PROBLEM DESCRIPTION:
Go to the line with "this 1600×1146 image." in the records below, then output it and each following line exactly, up to and including the line with "Some of the words". Skip pictures and add nothing.

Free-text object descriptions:
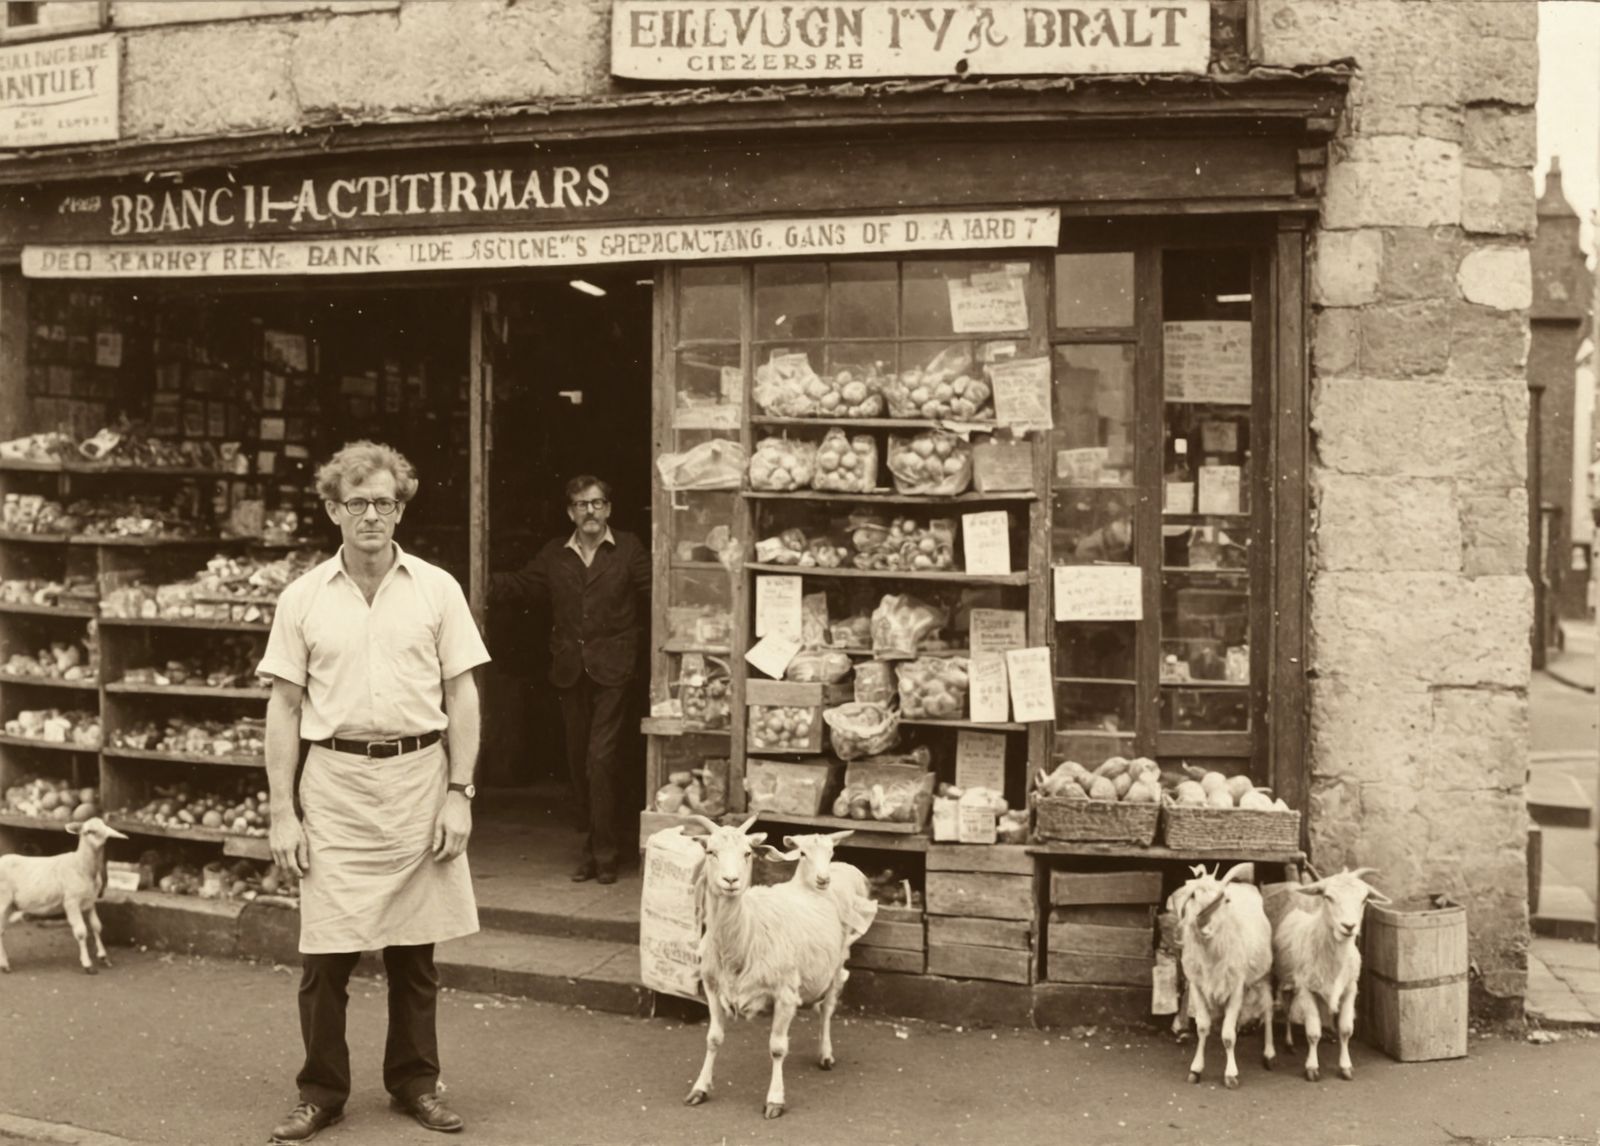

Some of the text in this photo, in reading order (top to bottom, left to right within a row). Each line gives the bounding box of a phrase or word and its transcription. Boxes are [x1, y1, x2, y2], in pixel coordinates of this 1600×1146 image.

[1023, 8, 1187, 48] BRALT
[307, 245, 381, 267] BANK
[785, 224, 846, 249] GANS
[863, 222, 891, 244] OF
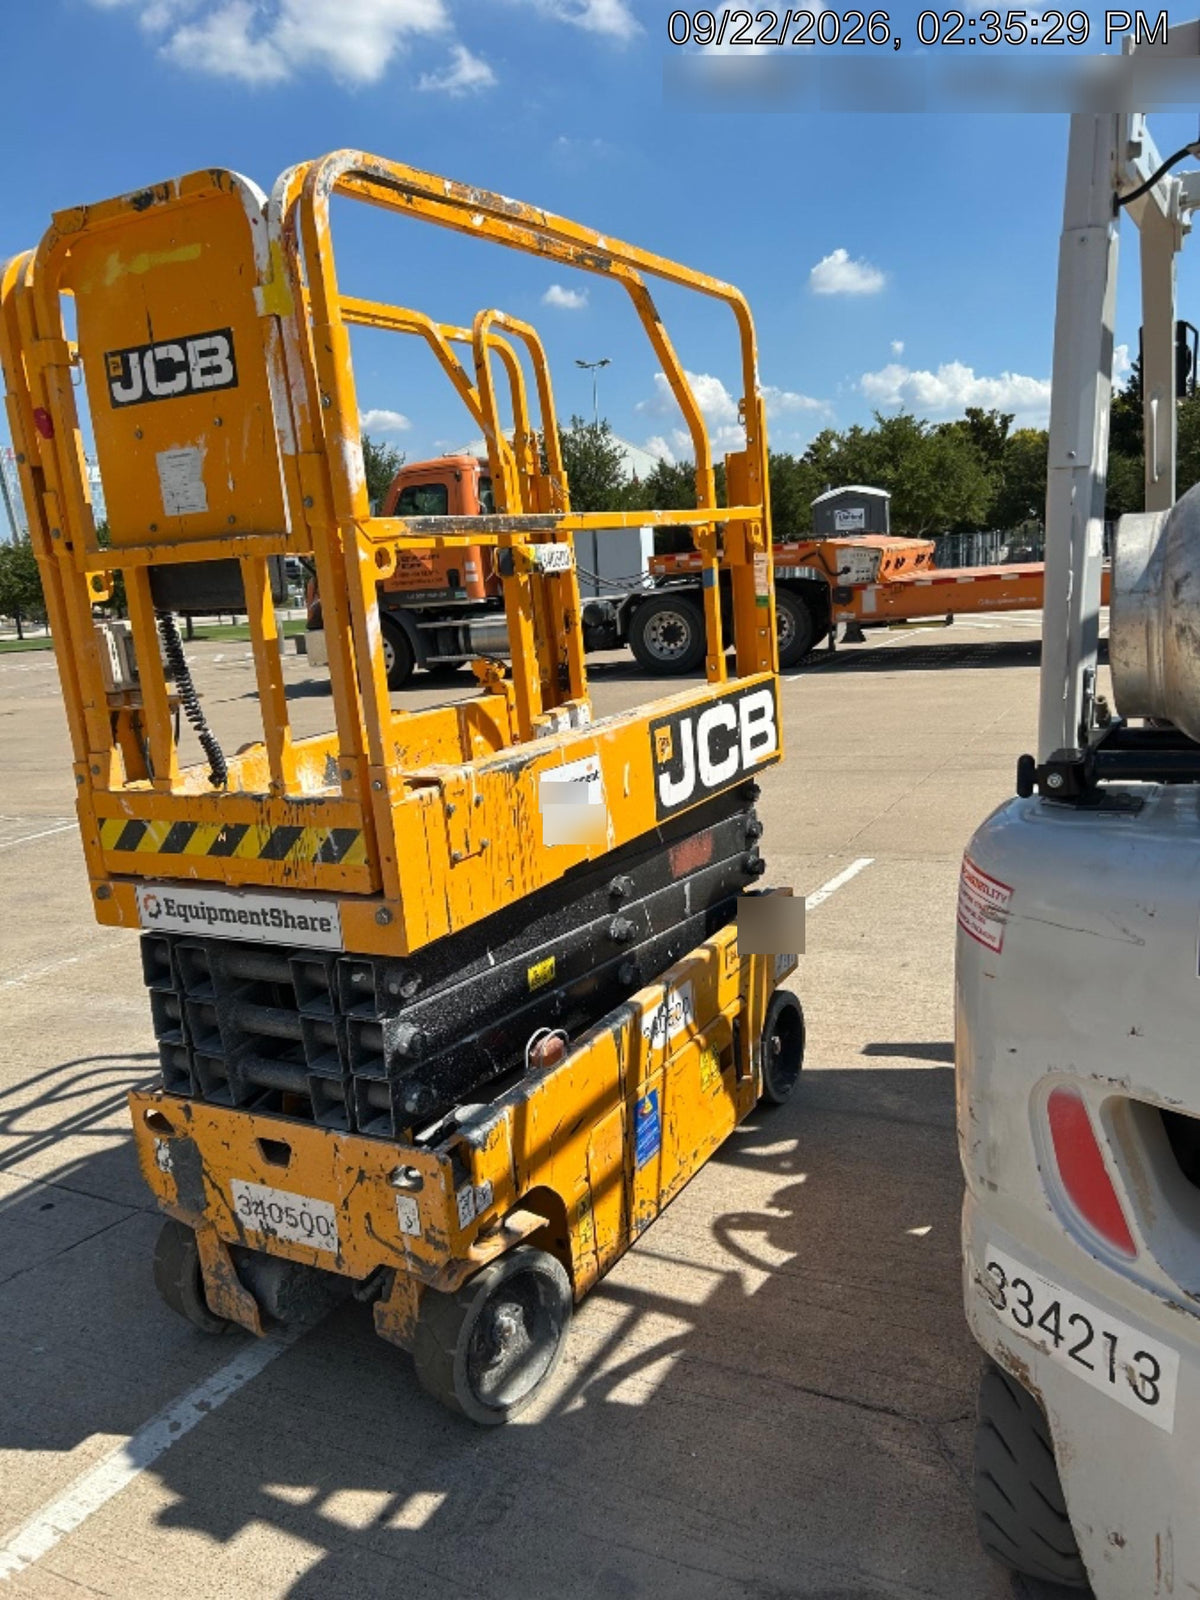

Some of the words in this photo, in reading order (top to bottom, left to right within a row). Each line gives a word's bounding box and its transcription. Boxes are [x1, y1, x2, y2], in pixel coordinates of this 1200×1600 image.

...

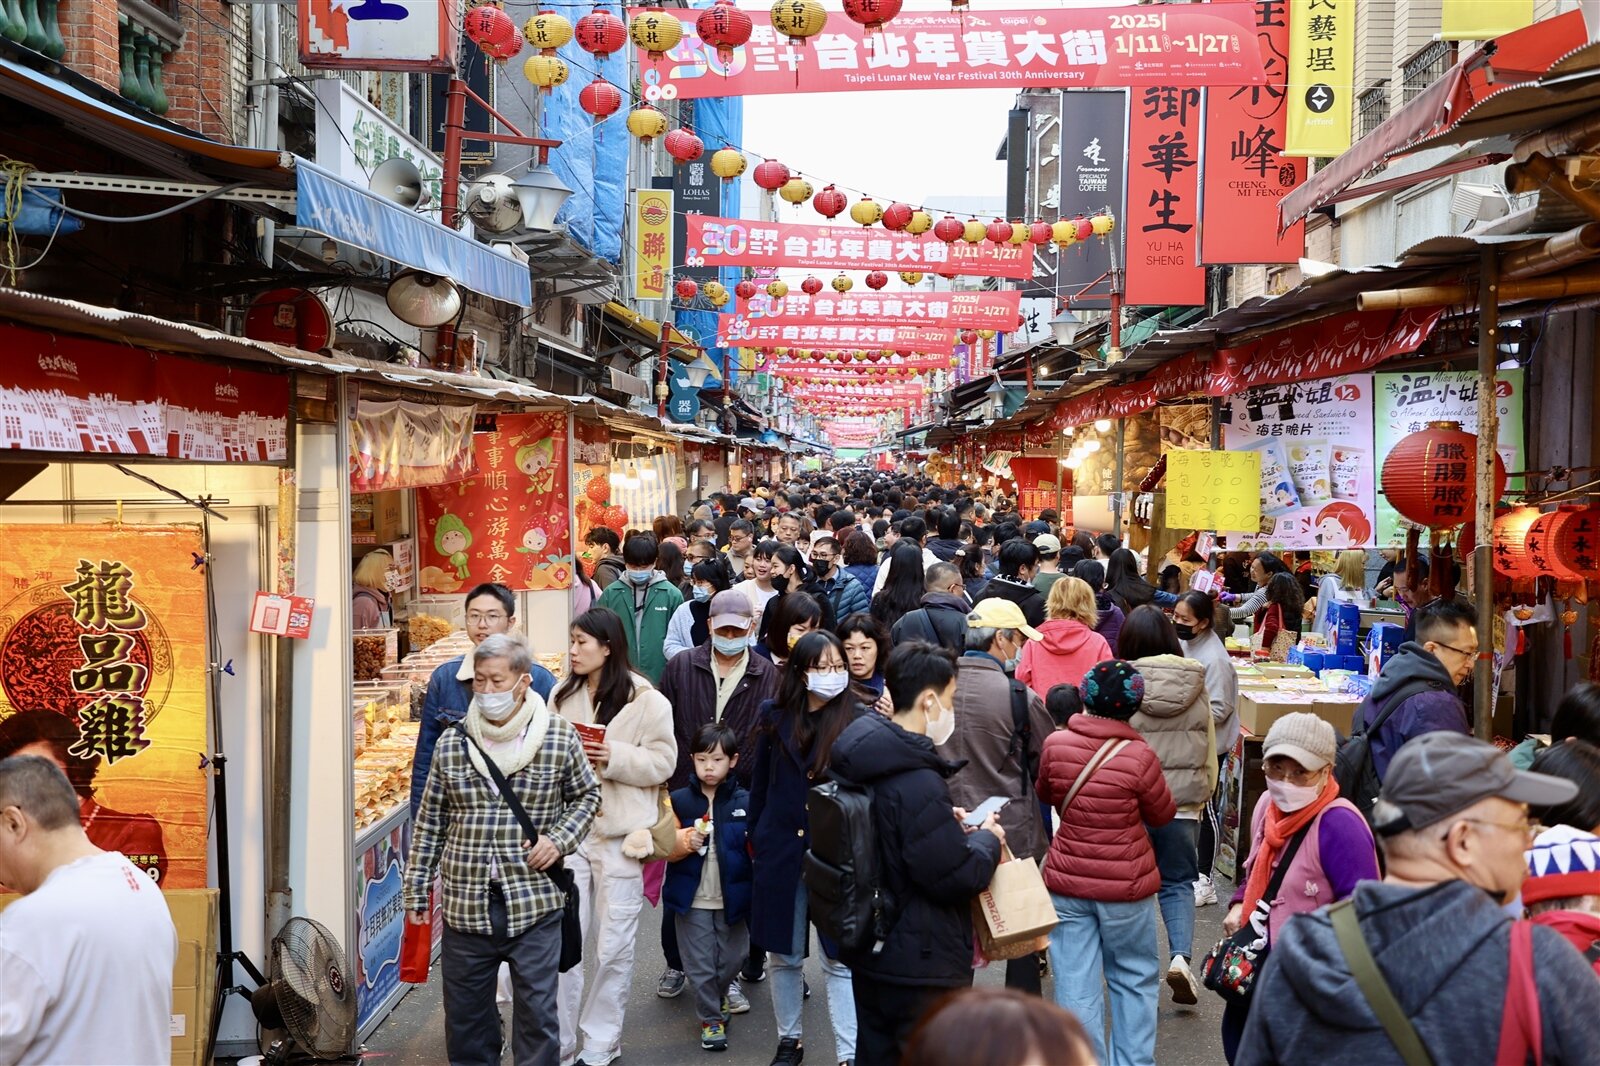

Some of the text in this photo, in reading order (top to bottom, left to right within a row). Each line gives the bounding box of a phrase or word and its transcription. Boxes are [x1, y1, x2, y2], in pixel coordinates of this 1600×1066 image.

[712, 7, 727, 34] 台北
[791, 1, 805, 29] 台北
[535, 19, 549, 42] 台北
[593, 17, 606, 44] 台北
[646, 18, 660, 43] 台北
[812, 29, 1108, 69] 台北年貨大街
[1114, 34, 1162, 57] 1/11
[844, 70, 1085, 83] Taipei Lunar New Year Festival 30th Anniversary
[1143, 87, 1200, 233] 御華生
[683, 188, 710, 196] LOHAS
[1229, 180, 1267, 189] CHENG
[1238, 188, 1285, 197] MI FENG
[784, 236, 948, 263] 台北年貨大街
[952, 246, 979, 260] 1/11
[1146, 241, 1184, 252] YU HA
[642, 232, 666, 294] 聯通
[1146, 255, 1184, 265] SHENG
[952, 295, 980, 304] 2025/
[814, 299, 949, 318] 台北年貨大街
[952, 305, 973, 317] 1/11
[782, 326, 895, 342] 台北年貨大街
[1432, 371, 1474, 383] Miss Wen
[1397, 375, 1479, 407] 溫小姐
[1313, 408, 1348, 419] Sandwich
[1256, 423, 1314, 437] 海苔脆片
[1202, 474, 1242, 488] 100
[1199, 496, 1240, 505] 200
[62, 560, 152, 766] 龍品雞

SOLUTION TO THIS EXERCISE:
Some of the text in this photo, in reading order (top to bottom, left to right within a row). Each line gives the bounding box of a phrase or word and its transcription. Boxes are [x1, y1, x2, y2], in pixel coordinates of this 1600×1146 image.

[1023, 8, 1187, 48] BRALT
[307, 245, 381, 267] BANK
[785, 224, 846, 249] GANS
[863, 222, 891, 244] OF

Some of the words in this photo, in reading order (top to bottom, left to right within a row). Each line gives a word's bounding box and its transcription. Boxes are [x1, y1, x2, y2], in pixel coordinates of this 1200×1600 image.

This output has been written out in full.